Ryan CL Brewster 1,2,, Jessica Zhang 3, Melissa Stewart 3, Ravneet Kaur 3, Marlíse Arellano 3, Fabienne Bourgeois 1
PMCID: PMC10097475  PMID: 36669761

Abstract

Objective  The coronavirus disease 2019 pandemic accelerated the adoption of telehealth technologies. Persistent disparities in telecommunication devices, internet connectivity, and digital literacy, however, undermine the potential for telemedicine to reduce barriers to health care access. Health systems may have a role in addressing these structural inequities. We describe the operationalization and feasibility of an internet-enabled tablet loaner program at a freestanding children's hospital.
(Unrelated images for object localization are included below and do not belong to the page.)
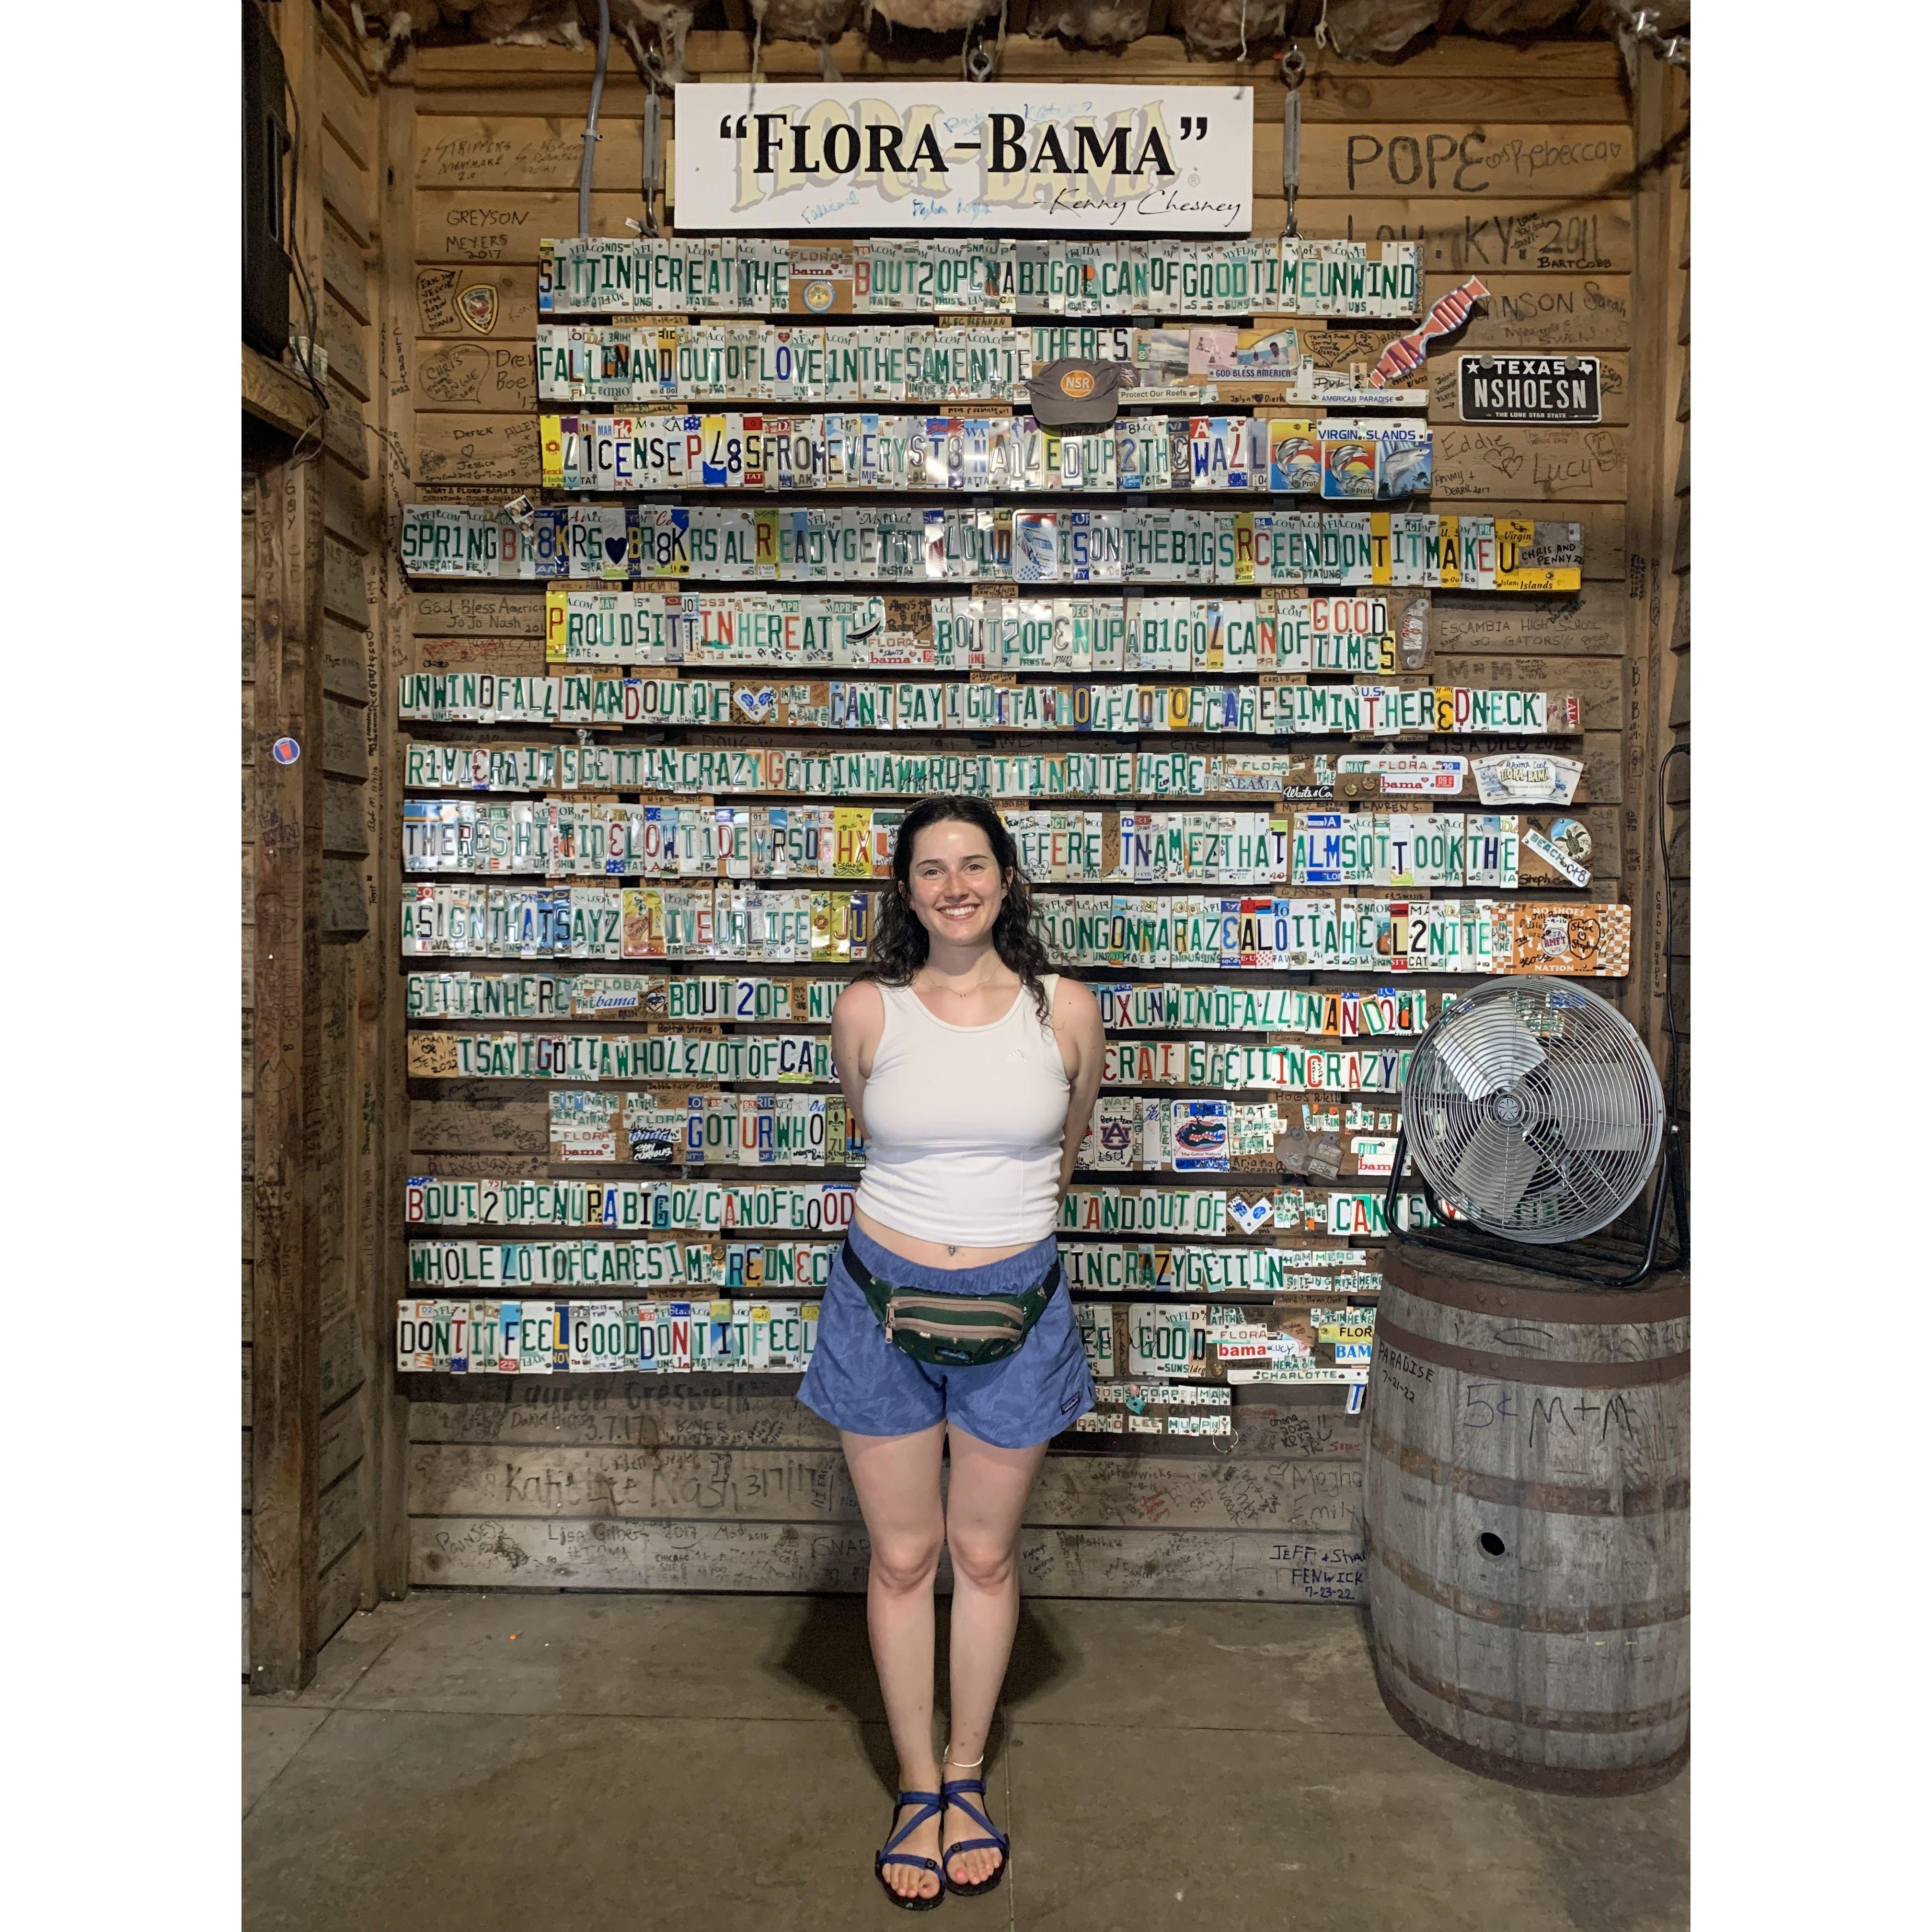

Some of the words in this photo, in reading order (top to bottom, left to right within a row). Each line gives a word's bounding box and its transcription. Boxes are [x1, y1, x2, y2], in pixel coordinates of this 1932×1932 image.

[1347, 133, 1490, 192] POPE
[1138, 189, 1241, 226] Chesney
[446, 210, 529, 226] GREYSON
[446, 234, 508, 253] MEYERS
[465, 249, 502, 260] 2017
[790, 263, 834, 276] bama
[1216, 368, 1231, 378] GOD
[1233, 368, 1254, 378] BLESS
[1257, 368, 1291, 378] AMERICA
[1495, 360, 1566, 376] TEXAS
[1066, 377, 1090, 390] NSR
[1120, 390, 1148, 399] Protect
[1150, 389, 1165, 398] Our
[1166, 389, 1187, 397] Reefs
[1474, 378, 1587, 409] NSHOESN
[1318, 429, 1358, 440] VIRGIN
[1440, 431, 1511, 460] Eddie
[456, 459, 495, 471] Jessica
[1521, 545, 1553, 562] CHRIS
[1556, 543, 1576, 554] AND
[1537, 553, 1572, 565] PENNY
[1519, 579, 1553, 590] Islands
[417, 598, 453, 616] God
[460, 598, 496, 614] Bless
[498, 598, 546, 614] America
[782, 603, 799, 612] APR
[834, 604, 851, 614] APR
[487, 615, 522, 630] Nash
[1312, 598, 1386, 635] GOOD
[1440, 620, 1510, 636] ESCAMBIA
[1521, 618, 1549, 632] HIGH
[1555, 620, 1601, 632] SCHOOL
[870, 651, 911, 664] bama
[1312, 634, 1394, 670] TIMES
[1242, 761, 1288, 770] FLORA
[1346, 762, 1363, 772] MAY
[1379, 761, 1426, 770] FLORA
[1380, 775, 1423, 790] bama
[1282, 802, 1315, 813] MIZ
[1362, 801, 1405, 813] LAUREN
[1530, 834, 1565, 862] BEACH
[1533, 908, 1550, 916] NO
[1552, 907, 1585, 917] SHOES
[594, 979, 642, 990] FLORA
[595, 995, 637, 1007] bama
[1276, 1092, 1309, 1102] HOGS
[637, 1114, 684, 1124] FLORA
[564, 1130, 610, 1140] FLORA
[1162, 1103, 1171, 1157] GREEN
[562, 1144, 604, 1156] bama
[730, 1247, 835, 1285] REDNEC
[1220, 1330, 1267, 1339] FLORA
[1218, 1343, 1267, 1357] bama
[1377, 1343, 1436, 1385] PARADISE
[1261, 1370, 1337, 1380] CHARLOTTE
[1078, 1417, 1123, 1429] DAVID
[1132, 1418, 1160, 1428] LEE
[1169, 1416, 1230, 1432] MURPHY
[1269, 1544, 1316, 1561] JEFF
[1291, 1571, 1364, 1585] FENWICK
[1304, 1586, 1355, 1599] 7-23-22
Methods  Between October 2020 and October 2021, pediatricians enrolled families through ambulatory clinics at an academic urban freestanding children's hospital. Eligibility criteria included difficulty accessing virtual care due to lack of stable internet or device. Tablets featured an unlimited data package, access to the patient portal, and virtual visit platform. A private technology company managed device configuration and distribution. To characterize program impact, we compared the proportion of completed clinical encounters during the intervention compared with a preintervention period (March 2020–October 2020) and conducted a qualitative survey with program participants. Participant and visit characteristics were obtained from the electronic medical record and summarized with descriptive statistics.
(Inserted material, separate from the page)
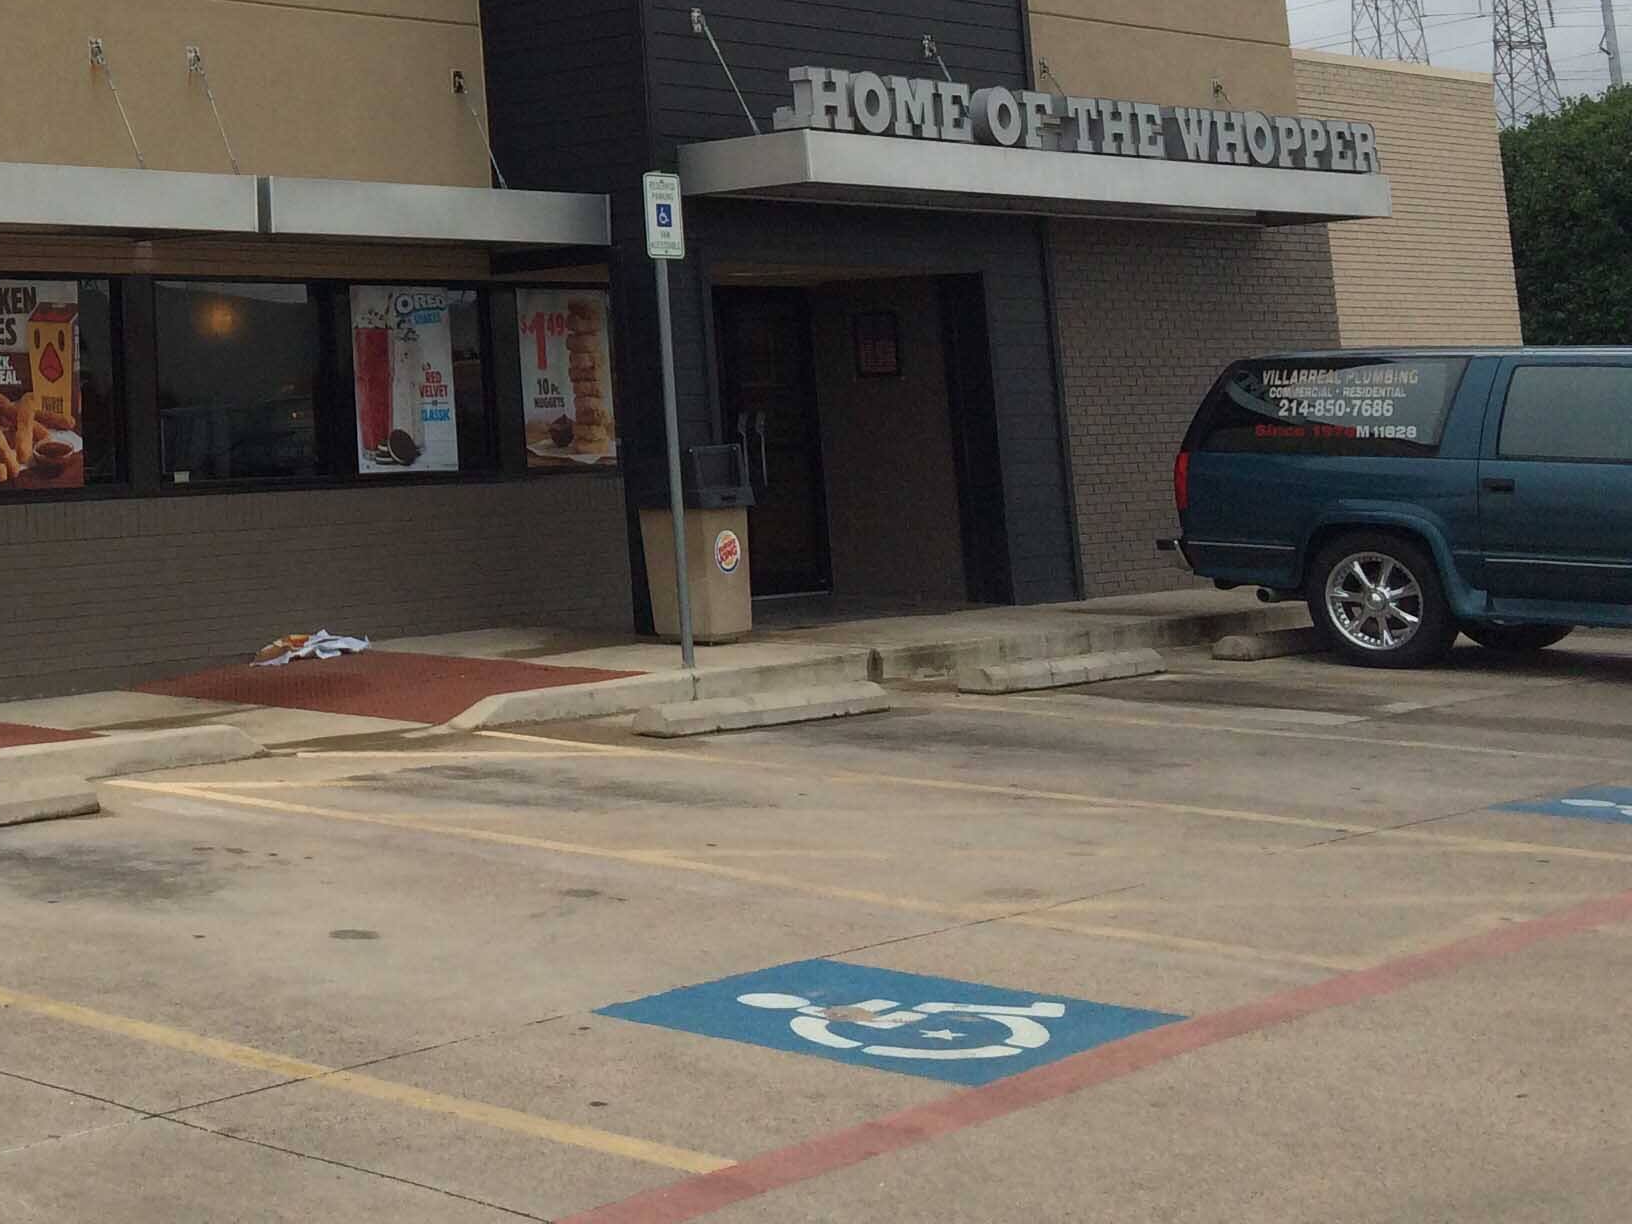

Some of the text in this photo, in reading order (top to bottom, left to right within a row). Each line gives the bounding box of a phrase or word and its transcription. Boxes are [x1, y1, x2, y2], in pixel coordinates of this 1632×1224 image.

[808, 69, 1381, 174] HOME OF THE WHOPPER
[1263, 369, 1418, 384] VILLARREAL PLUMBING
[536, 378, 550, 395] 10
[1269, 386, 1407, 398] COMMERCIAL RESIDENTIAL
Results  A total of 111 families participated in the tablet loaner program, the majority of whom were Hispanic (51.4%) and black, non-Hispanic (26.1%), and publicly insured (64.9%). Between the preintervention and intervention periods, there was a significant increase in completed video- and phone-based virtual visits (75.3 vs. 79.1%, p  = 0.038). The proportion of video-based only visits increased from 82.9 to 88.9%. p  < 0.001. Families reported that the tablet improved the patient's ability to receive medical care (93.7%) and was easy to use (93.9%).

Conclusion  The tablet loaner initiative was associated with an improvement in markers of virtual visit engagement and health care experience. Efforts to expand telemedicine equity must consider technological access and digital literacy as well as broad coalitions across industry, government, and community organizations.

Keywords: at-risk populations, telemedicine, telehealth, socioeconomic disparities, outcomes, implementation model, children, internet, technology

Background and Significance

The coronavirus disease 2019 (COVID-19) pandemic spurred a transformation in health care delivery, including the rapid uptake of telemedicine. 1 This shift was enabled by changes in public and private reimbursement models and waivers for Health Insurance Portability and Accountability Act violations for clinicians who use everyday communication technologies. As a result, telemedicine services have been adopted across clinical applications and domains, becoming a core piece of many health systems' digital health offerings.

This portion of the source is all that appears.